• Quinta-feira, 30 de abril de 2026

STF dá prazo de 2 anos para Minas Gerais regulamentar subsídio de delegados

Decisão unânime reconhece omissão do estado e determina criação de lei para instituir remuneração em parcela única

O Supremo Tribunal Federal (STF) determinou nesta quinta-feira (30) que o Estado de Minas Gerais regulamente, no prazo de até dois anos, o regime de subsídio para os delegados da Polícia Civil.

Na prática, a Corte ordena que o governo estadual edite uma lei específica para instituir a remuneração por subsídio — modelo em que o pagamento é feito em parcela única, sem acréscimo de gratificações ou adicionais, exceto verbas indenizatórias.

Por unanimidade, os ministros reconheceram que há omissão por parte do estado em regulamentar o tema.
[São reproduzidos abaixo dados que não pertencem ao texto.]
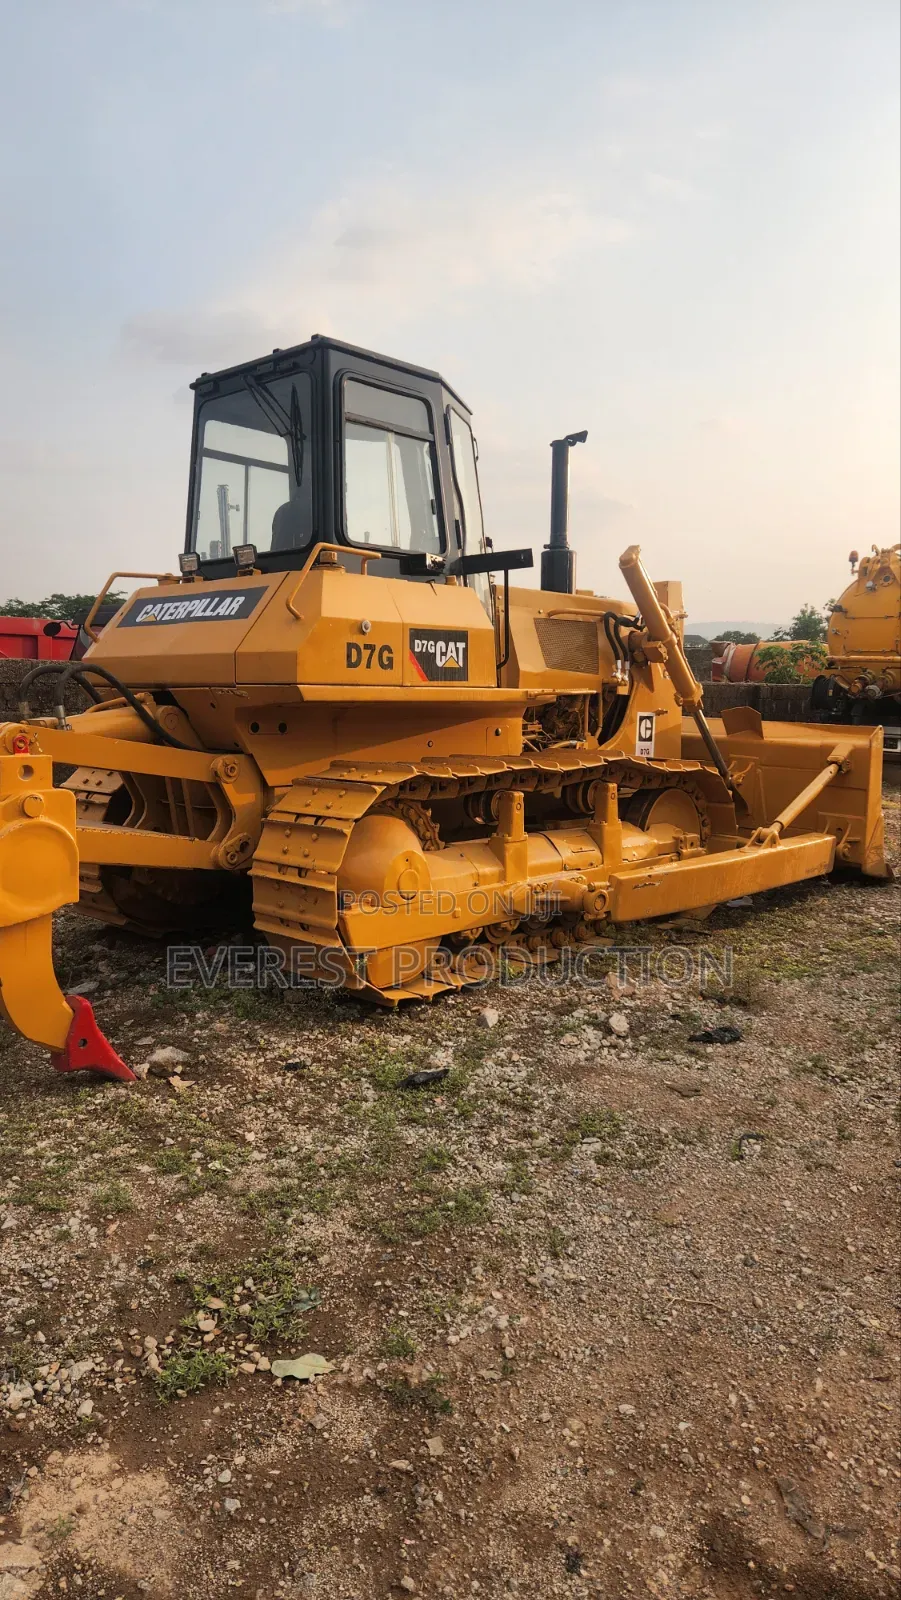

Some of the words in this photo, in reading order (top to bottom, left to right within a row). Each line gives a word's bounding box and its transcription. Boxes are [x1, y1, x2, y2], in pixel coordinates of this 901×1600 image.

O prazo de 24 meses começa a contar a partir da publicação da ata de julgamento.

O processo teve como relator o ministro aposentado Marco Aurélio, que, antes de deixar a Corte, já havia votado pelo reconhecimento da omissão. O entendimento foi acompanhado pelos ministros Cristiano Zanin, Nunes Marques, Dias Toffoli, Gilmar Mendes, Cármen Lúcia e Edson Fachin.

O julgamento foi retomado nesta quinta-feira com o voto do ministro Flávio Dino, que também seguiu o relator e defendeu o prazo de dois anos para cumprimento da decisão. Na sequência, votaram os ministros Alexandre de Moraes e Luiz Fux, consolidando a decisão unânime.

Ao fixar o prazo, os ministros levaram em consideração o calendário legislativo e o impacto de períodos de menor atividade parlamentar, que poderiam comprometer a efetividade de prazos mais curtos.

A ação foi apresentada pela Associação dos Delegados de Polícia do Brasil (Adepol), por meio de uma Ação Direta de Inconstitucionalidade por Omissão (ADO). A entidade alegou demora do governo de Minas Gerais em regulamentar o regime de subsídio para a carreira.

Em manifestação ao STF, o governo mineiro argumentou que a adoção do modelo teria impacto orçamentário relevante e implicaria mudanças estruturais na remuneração da categoria.

O goveno também sustentou que não haveria omissão, já que a carreira passou por reestruturações ao longo dos anos.

Mesmo assim, o Supremo entendeu que a ausência de regulamentação específica configura omissão constitucional e determinou que o estado adote as medidas necessárias dentro do prazo estabelecido.